What you will do: From the first line to the last, please reproduce the material exactly, skipping the pictures.
================================
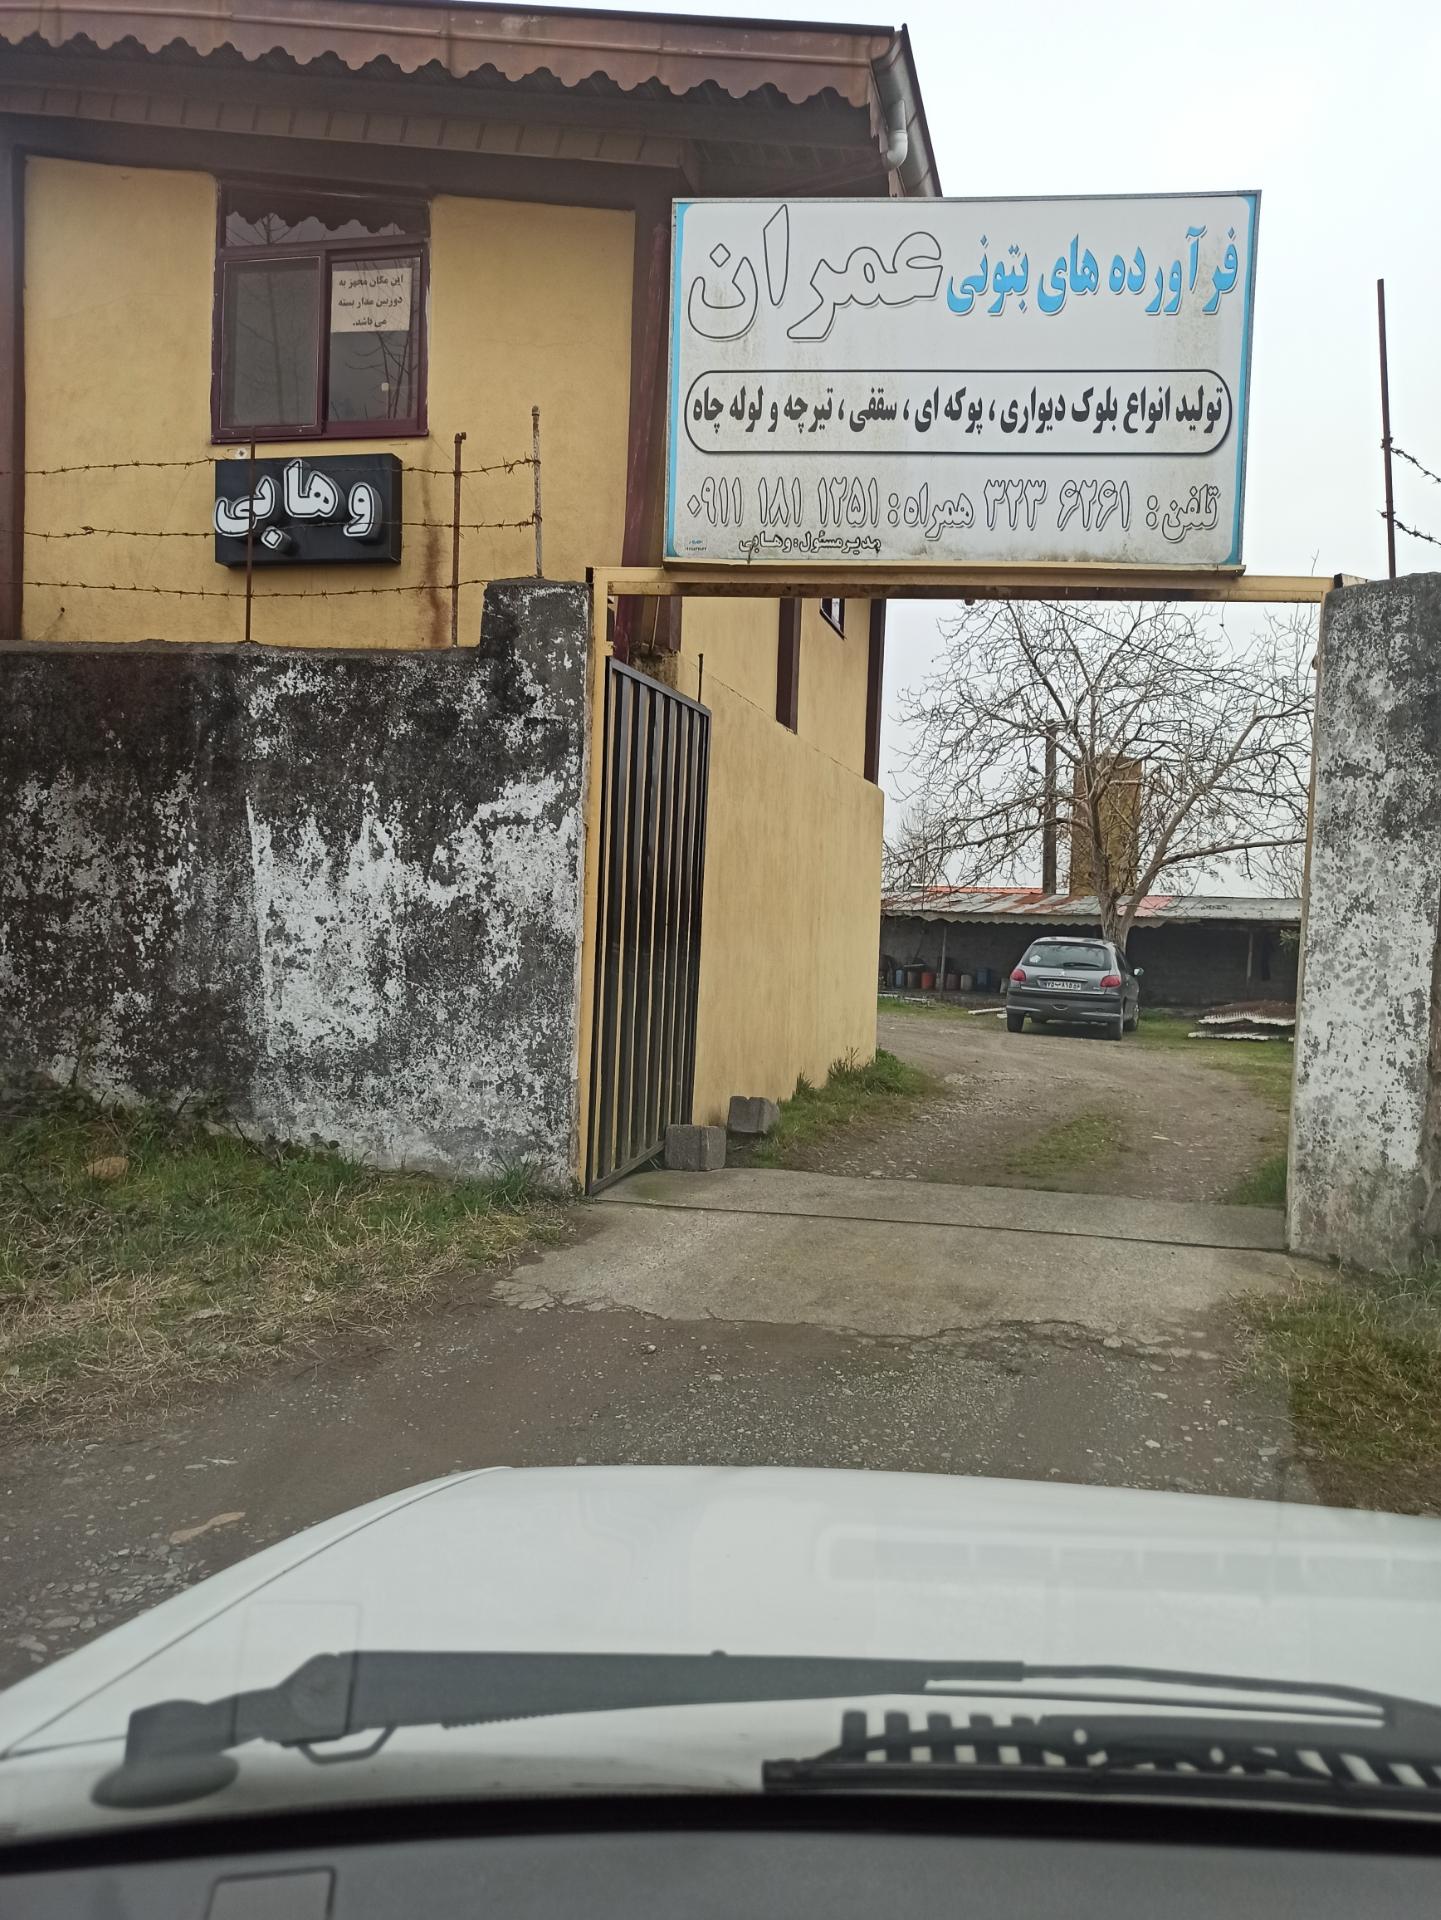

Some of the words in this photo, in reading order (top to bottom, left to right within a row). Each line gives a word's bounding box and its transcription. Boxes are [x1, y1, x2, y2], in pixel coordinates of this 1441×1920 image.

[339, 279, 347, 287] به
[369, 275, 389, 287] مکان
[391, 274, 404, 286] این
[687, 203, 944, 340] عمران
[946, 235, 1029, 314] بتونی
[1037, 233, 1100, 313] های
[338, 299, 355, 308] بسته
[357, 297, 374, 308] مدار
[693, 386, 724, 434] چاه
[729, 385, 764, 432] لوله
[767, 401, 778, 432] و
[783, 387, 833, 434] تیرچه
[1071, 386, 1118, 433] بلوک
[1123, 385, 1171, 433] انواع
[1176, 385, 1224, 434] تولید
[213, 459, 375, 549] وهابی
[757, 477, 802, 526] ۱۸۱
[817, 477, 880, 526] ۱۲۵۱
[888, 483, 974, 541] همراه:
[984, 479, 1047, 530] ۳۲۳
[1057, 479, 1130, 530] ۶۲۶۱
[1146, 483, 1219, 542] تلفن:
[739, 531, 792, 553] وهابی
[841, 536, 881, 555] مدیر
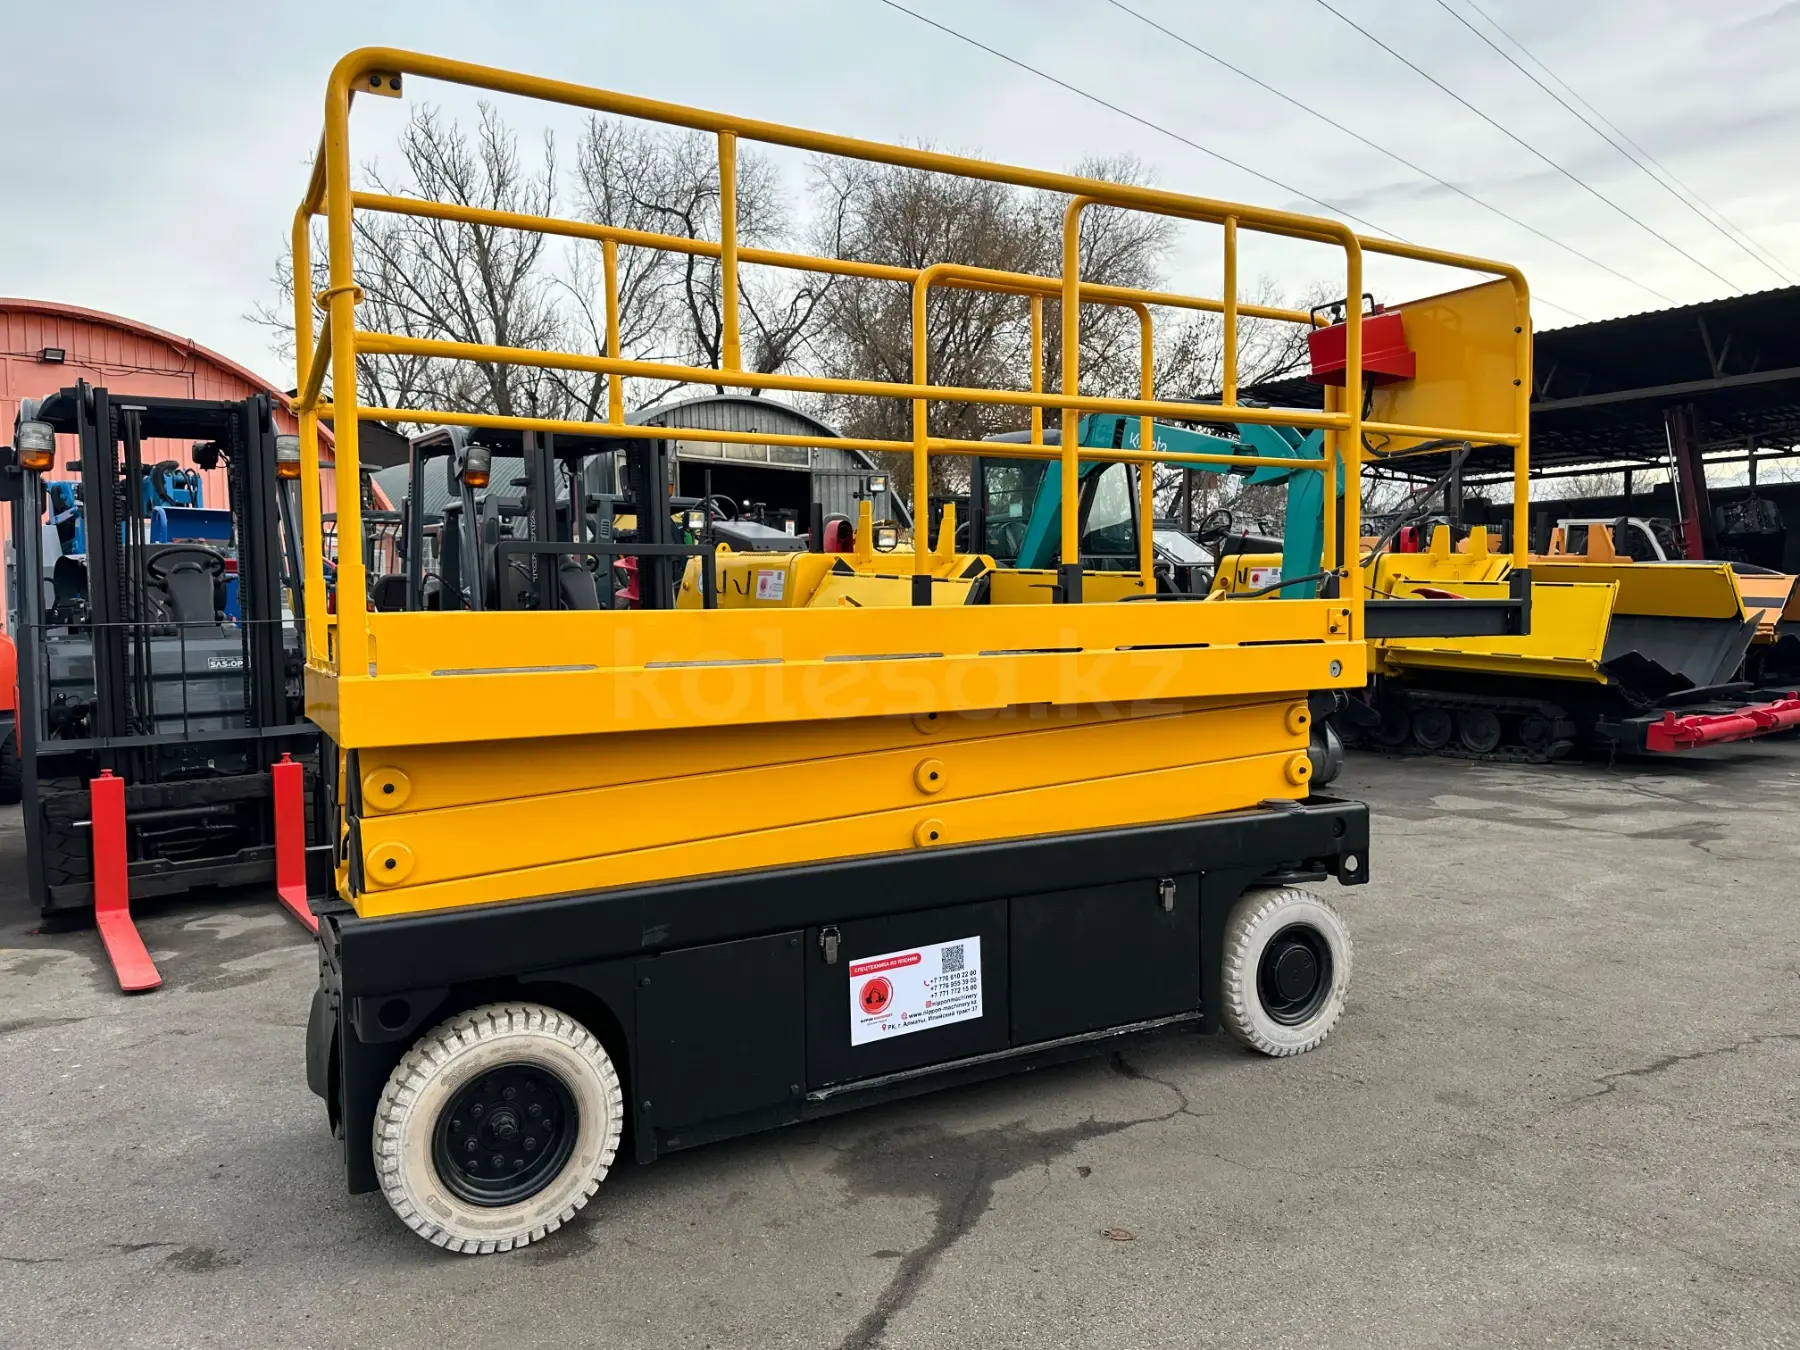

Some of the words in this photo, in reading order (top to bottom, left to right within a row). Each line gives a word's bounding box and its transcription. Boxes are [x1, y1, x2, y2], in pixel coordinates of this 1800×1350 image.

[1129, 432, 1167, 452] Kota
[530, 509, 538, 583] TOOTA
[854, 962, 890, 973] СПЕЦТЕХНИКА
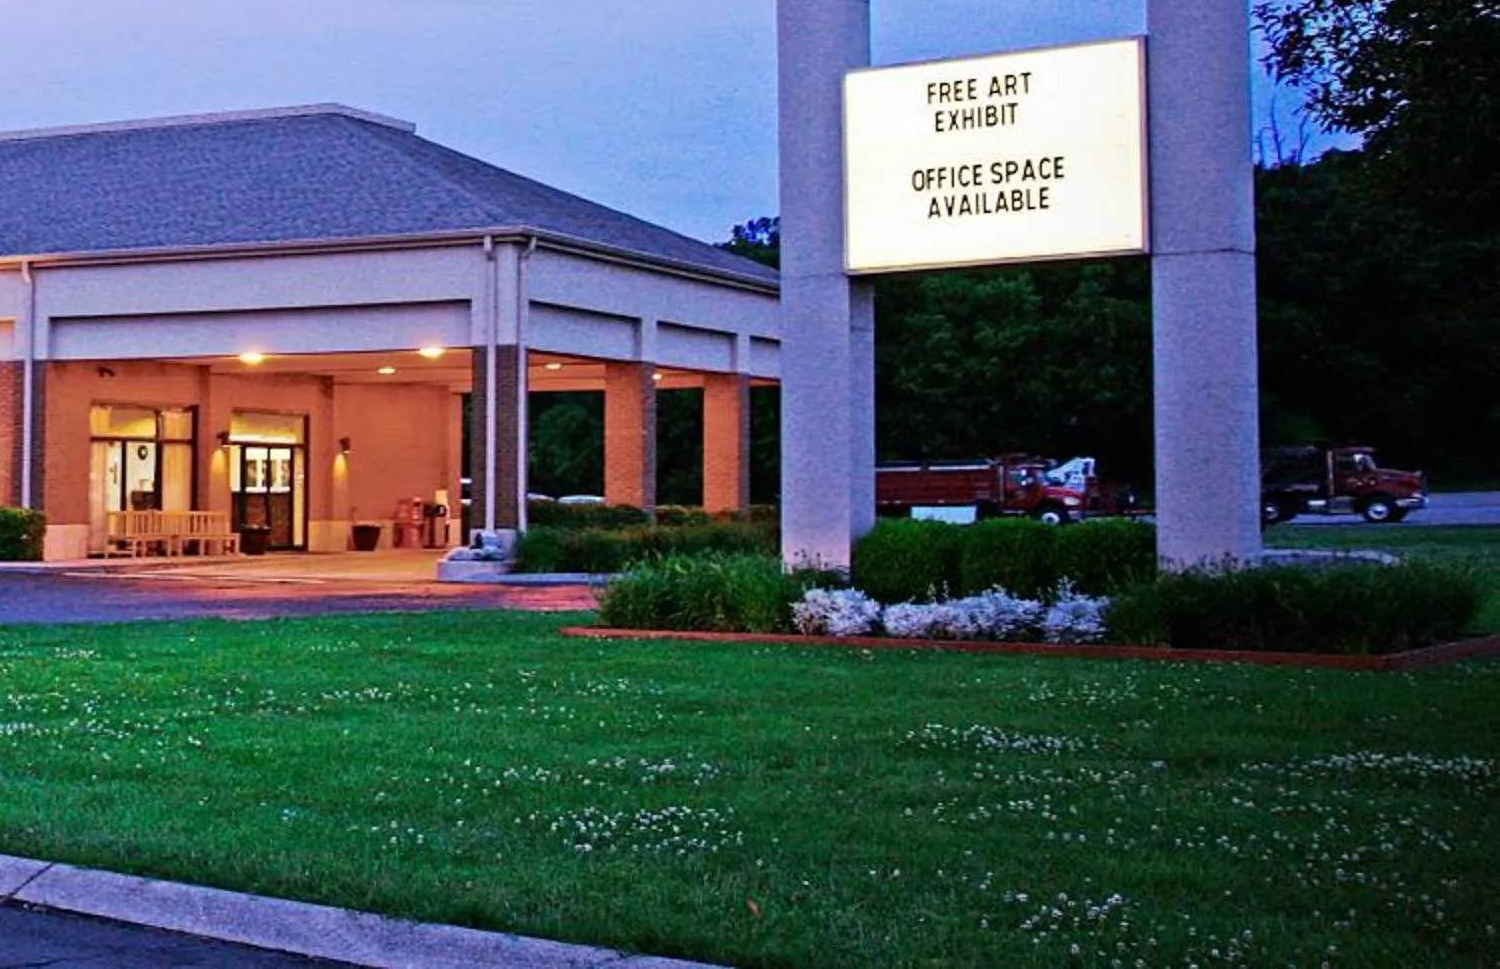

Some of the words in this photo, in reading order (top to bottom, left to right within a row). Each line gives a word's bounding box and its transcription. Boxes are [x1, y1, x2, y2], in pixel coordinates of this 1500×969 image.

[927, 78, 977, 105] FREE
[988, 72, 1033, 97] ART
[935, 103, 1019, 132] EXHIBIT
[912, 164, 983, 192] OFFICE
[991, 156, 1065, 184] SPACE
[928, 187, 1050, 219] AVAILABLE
================================
Completed exercise:
Some of the words in this photo, in reading order (top to bottom, left to right within a row). Each line gives a word's bounding box and its transcription. Boxes are [x1, y1, x2, y2], in pixel coordinates of this 1441×1920 image.

[339, 279, 347, 287] به
[369, 275, 389, 287] مکان
[391, 274, 404, 286] این
[687, 203, 944, 340] عمران
[946, 235, 1029, 314] بتونی
[1037, 233, 1100, 313] های
[338, 299, 355, 308] بسته
[357, 297, 374, 308] مدار
[693, 386, 724, 434] چاه
[729, 385, 764, 432] لوله
[767, 401, 778, 432] و
[783, 387, 833, 434] تیرچه
[1071, 386, 1118, 433] بلوک
[1123, 385, 1171, 433] انواع
[1176, 385, 1224, 434] تولید
[213, 459, 375, 549] وهابی
[757, 477, 802, 526] ۱۸۱
[817, 477, 880, 526] ۱۲۵۱
[888, 483, 974, 541] همراه:
[984, 479, 1047, 530] ۳۲۳
[1057, 479, 1130, 530] ۶۲۶۱
[1146, 483, 1219, 542] تلفن:
[739, 531, 792, 553] وهابی
[841, 536, 881, 555] مدیر

Some of the words in this photo, in reading order (top to bottom, left to right within a row). Each line gives a word's bounding box and its transcription. Boxes are [x1, y1, x2, y2], in pixel coordinates of this 1800×1350 image.

[1129, 432, 1167, 452] Kota
[530, 509, 538, 583] TOOTA
[854, 962, 890, 973] СПЕЦТЕХНИКА

Some of the words in this photo, in reading order (top to bottom, left to right within a row). Each line gives a word's bounding box and its transcription. Boxes are [x1, y1, x2, y2], in pixel coordinates of this 1500×969 image.

[927, 78, 977, 105] FREE
[988, 72, 1033, 97] ART
[935, 103, 1019, 132] EXHIBIT
[912, 164, 983, 192] OFFICE
[991, 156, 1065, 184] SPACE
[928, 187, 1050, 219] AVAILABLE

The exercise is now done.